I used to be a happy go lucky person who was admired and loved by many people. I would always put myself over other people by judging them in any way I could. Maybe they were too fat, maybe they were too ugly, but my biggest "pet peeve" was when people were too serious about life and critical of others openly.
I would look at people like that and think "wow, what a garbage human, good thing I never do that". and other ego stroking things like that.
My other "pet peeve" was seeing people my age accidentally getting their girlfriends pregnant and having to live with their consequences.
I said to myself "wow, those people are so stupid, why would they do such a thing." and other things like THAT to stroke my ego.
"I''m so much better than them"
"How stupid could they be? good thing I'M not stupid."
Then one day I went to school and met this beautiful girl. She was everything I wanted in a woman. Kind, sweet, and pretty but this came with a catch. She was very religious and so was her family.
There's a whole amazing story behind this girl and myself, but I'll make it short by saying that we started having sex, but we didn't ever have protection on us "because we were better than having sex". Every time I would go over to her house we would both put on the mask of "we're not going to have sex", but because we were attracted to eachother so much we always ended up doing it.
This girl was very innocent, and I thought she didn't understand what cum was, so when we would have sex I would purposely give myself blue balls as to not freak her out. (This is the level of religiousness I'm talking about).

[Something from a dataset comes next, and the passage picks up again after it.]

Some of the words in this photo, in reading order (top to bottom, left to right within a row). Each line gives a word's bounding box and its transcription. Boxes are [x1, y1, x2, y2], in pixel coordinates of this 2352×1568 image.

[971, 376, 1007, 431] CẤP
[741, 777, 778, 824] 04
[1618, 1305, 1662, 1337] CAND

But as you can probably figure, these situations let to what outcome afterall? Getting pregnant.
I was so disapointed in myself and so scared of what was to come. I thought god had abandoned me, or was playing some awful joke.
I had to accept it. I was now what I once thought was so stupid.
I could hardly live with myself. I beat myself up over how stupid I was. I thought that her family would hate me for indoctrinating her. I tried going around pointing blame on everything other than me.
Her, Her religion, Her parents for not raising her "normally", everything and anything I could think of to blame… Other than myself…
We ended up getting married and had our beautiful child. We lived in a completely different state. I moved there to marry her and raise our child. My car had just broken down, so instead of driving out there with my car, I ended up selling everything I owned and moving to the state with one carryon.
I became a shell of myself. I believed that her family hated me, so I became distant from them, never making conversation. In reality, they never hated me, but I projected that thought onto them from my psyche.
After awhile I started to long for the happy go lucky version of me, but I for some reason couldn't be that way anymore. I was always judging other people for their beliefs contrary to mine, looks contrary to mine, attitudes contrary to mine.
Then I found Q.
I realized that this was real. I saw how Q was trying to "take out the deep state". I knew all the Q proofs by heart and started telling everyone I knew about it.
I made my facebook posts public and started memeing away. Sending my opinions of what I thought was so true to everyone and anyone. Anyone who combated me was either an idiot or a shill.
I then started to peel back some layers that made me believe Q was something to be feared.
I looked through the Jew stuff and even though I never had absolute proof played out before my own eyes, I believed through circumstantial evidence that the Jews were behind everything. If you fought me on my stance, then you were either an idiot or a shill.
I looked through Gematria. This further established my belief system that jews were behind everything bad.
I saw the symbolism that freemasons and other "secret society" groups used and didn't understand it. Because I didn't understand it, it was scary to me. I became fixated on figuring out what this symbolism really meant.